Task to carry out:
The records that follow should be returned exactly, pictures excluded.

Phrase grounding data:
__________
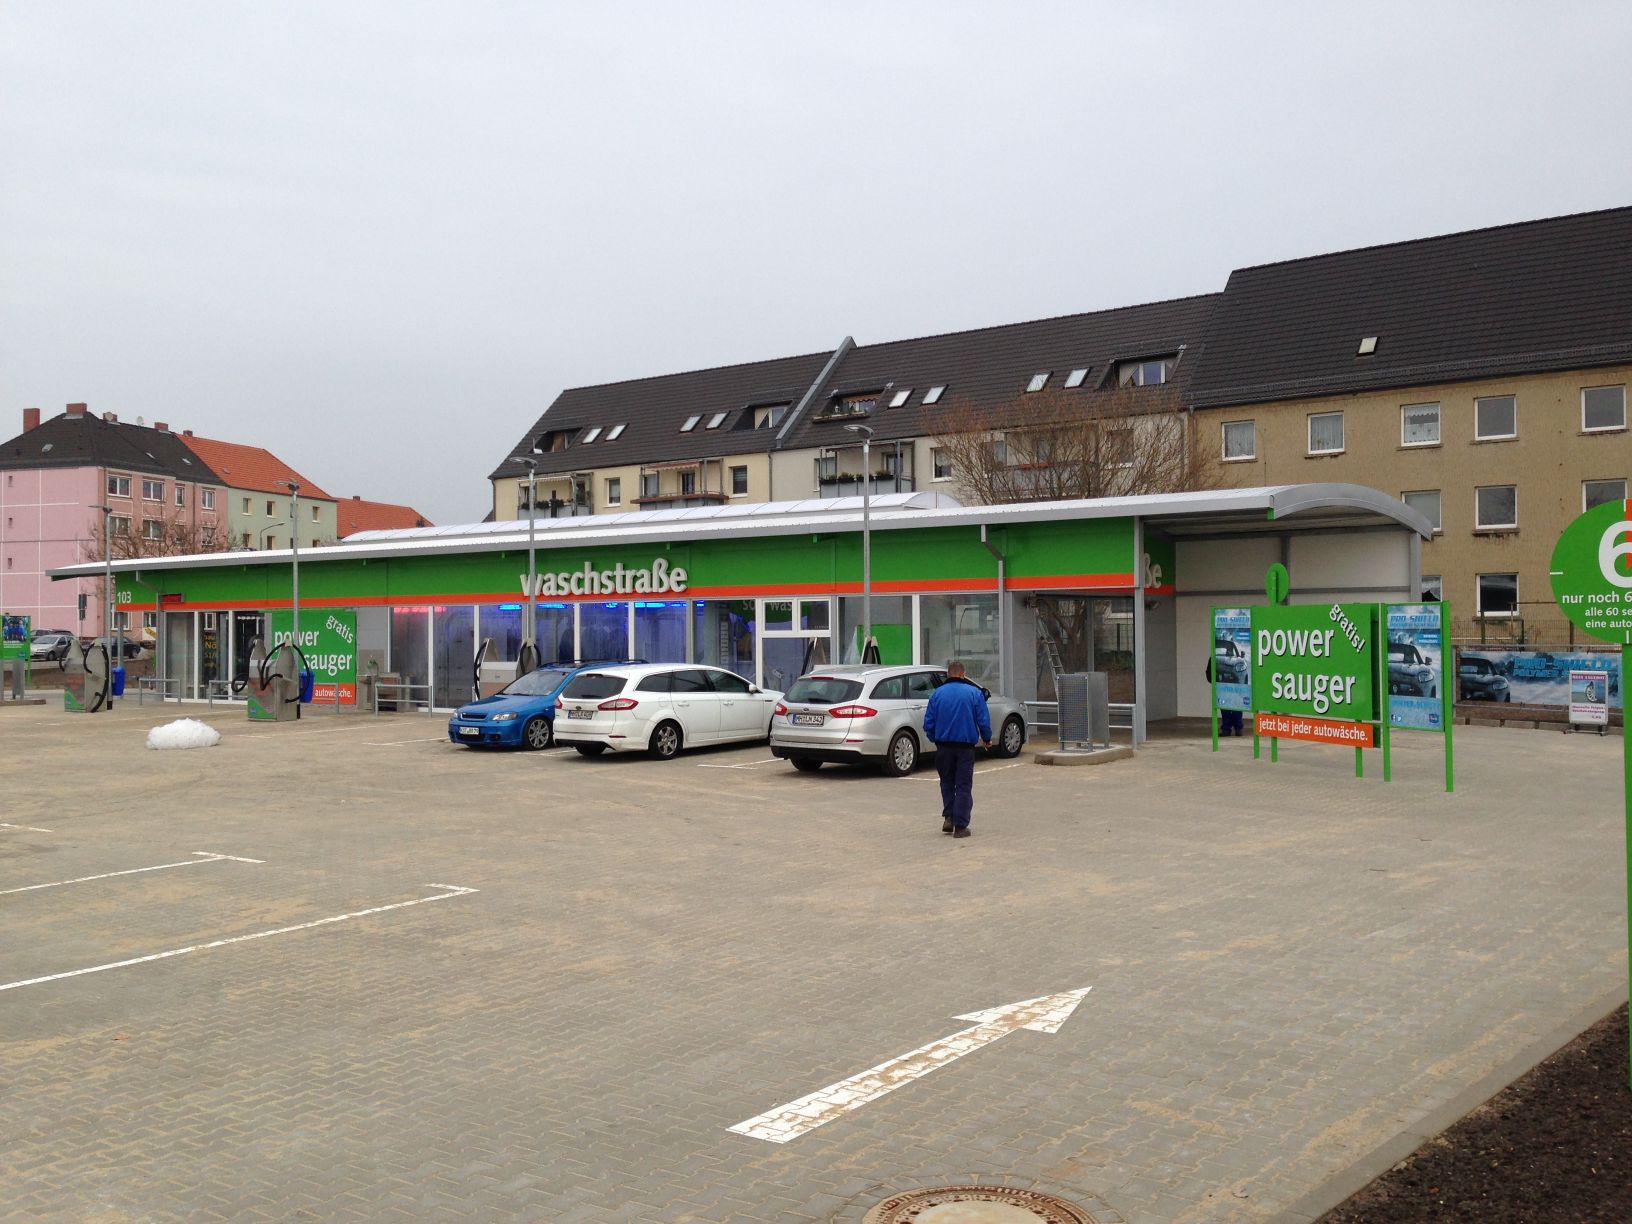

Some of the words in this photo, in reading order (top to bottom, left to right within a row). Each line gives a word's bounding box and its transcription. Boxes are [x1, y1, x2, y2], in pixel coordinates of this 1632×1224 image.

[520, 557, 688, 597] waschstraße
[117, 591, 132, 604] 103
[1562, 594, 1584, 603] nur
[1588, 591, 1619, 603] noch
[1585, 607, 1602, 616] alle
[1605, 607, 1619, 616] 60
[326, 615, 354, 644] gratis
[1328, 604, 1366, 653] gratis!
[1585, 619, 1607, 628] eine
[1258, 628, 1335, 666] power
[303, 653, 352, 676] sauger
[1272, 671, 1356, 714] sauger
[1259, 718, 1276, 733] jetzt
[1278, 719, 1290, 732] bei
[1291, 720, 1312, 736] jeder
[1313, 724, 1368, 741] autowäsche.
__________
Solution:
Some of the words in this photo, in reading order (top to bottom, left to right within a row). Each line gives a word's bounding box and its transcription. Boxes are [x1, y1, x2, y2], in pixel coordinates of this 1632×1224 image.

[520, 557, 688, 597] waschstraße
[117, 591, 132, 604] 103
[1562, 594, 1584, 603] nur
[1588, 591, 1619, 603] noch
[1585, 607, 1602, 616] alle
[1605, 607, 1619, 616] 60
[326, 615, 354, 644] gratis
[1328, 604, 1366, 653] gratis!
[1585, 619, 1607, 628] eine
[1258, 628, 1335, 666] power
[303, 653, 352, 676] sauger
[1272, 671, 1356, 714] sauger
[1259, 718, 1276, 733] jetzt
[1278, 719, 1290, 732] bei
[1291, 720, 1312, 736] jeder
[1313, 724, 1368, 741] autowäsche.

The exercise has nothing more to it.